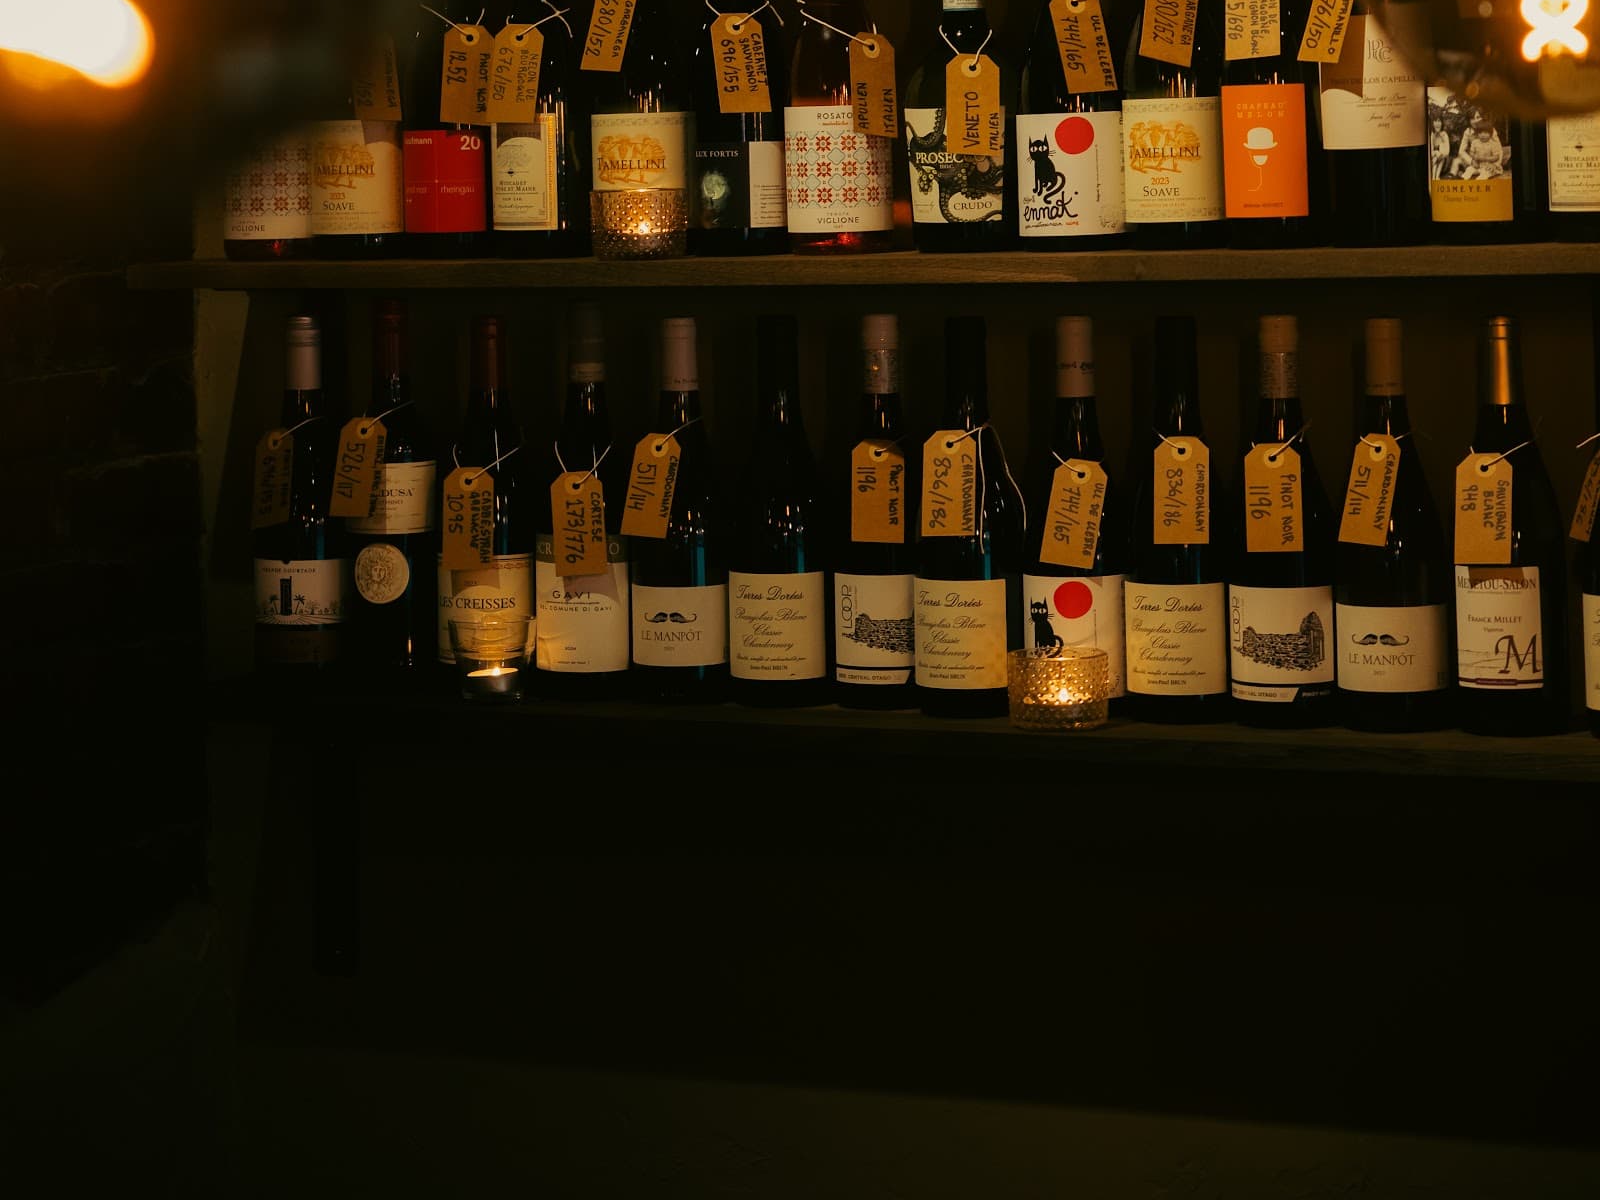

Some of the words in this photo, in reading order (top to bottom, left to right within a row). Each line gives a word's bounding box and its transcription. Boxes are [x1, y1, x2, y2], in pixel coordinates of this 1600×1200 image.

[611, 0, 633, 58] GARGANEGA
[1091, 15, 1101, 32] ULL
[1268, 13, 1277, 24] DE
[751, 32, 768, 87] CABERNET
[1060, 15, 1087, 75] 744/165
[1249, 30, 1260, 55] BLANC
[447, 50, 467, 84] 1252
[479, 53, 490, 82] PINOT
[492, 47, 515, 101] 676/150
[516, 49, 530, 103] BOURGOGNE
[527, 53, 539, 84] MELON
[721, 39, 741, 93] 696/155
[738, 38, 758, 92] SAUVIGNON
[477, 88, 488, 112] NOIR
[817, 112, 853, 120] ROSATO
[858, 82, 869, 129] APULIEN
[883, 88, 894, 133] ITALIEN
[963, 91, 979, 149] VENETO
[989, 112, 999, 151] ITALIEN
[459, 135, 481, 150] 20
[1129, 145, 1201, 159] TAMELLINI
[597, 157, 666, 171] TAMELLINI
[1151, 177, 1170, 185] 2023
[323, 201, 355, 211] SOAVE
[440, 185, 475, 194] rheingau
[953, 200, 993, 211] CRUDO
[1144, 186, 1180, 197] SOAVE
[336, 442, 366, 499] 526/117
[627, 462, 657, 510] 511/114
[659, 455, 678, 519] CHARDONNAY
[856, 466, 877, 493] 1196
[928, 456, 953, 529] 836/186
[961, 453, 974, 533] CHARDONNAY
[1094, 483, 1105, 499] ULL
[1163, 468, 1187, 527] 836/186
[1195, 463, 1206, 533] CHARDONNAY
[1248, 485, 1272, 520] 1196
[1280, 474, 1297, 509] PINOT
[1348, 465, 1371, 515] 511/114
[1374, 453, 1396, 531] CHARDONNAY
[1461, 484, 1479, 512] 948
[447, 494, 464, 534] 1095
[590, 491, 603, 542] CORTESE
[889, 498, 899, 525] NOIR
[1053, 486, 1081, 544] 744/165
[1483, 491, 1494, 528] BLANC
[1495, 479, 1510, 541] SAUVIGNON
[563, 499, 589, 564] 173/776
[1281, 516, 1295, 545] NOIR
[553, 590, 590, 599] GAVI
[1457, 576, 1536, 591] MENETOU-SALON
[456, 596, 516, 609] CREISSES
[842, 584, 852, 628] LOOP
[1467, 614, 1492, 623] FRANCK
[1494, 615, 1522, 623] MILLET
[641, 630, 652, 641] LE
[654, 629, 703, 641] MANPÔT
[1349, 653, 1360, 664] LE
[1363, 654, 1416, 665] MANPÔT
[1495, 634, 1541, 674] M

# [Description of the task]
Write out each line above that contains the word "SAUVIGNON".

# [Completed exercise]
[738, 38, 758, 92] SAUVIGNON
[1495, 479, 1510, 541] SAUVIGNON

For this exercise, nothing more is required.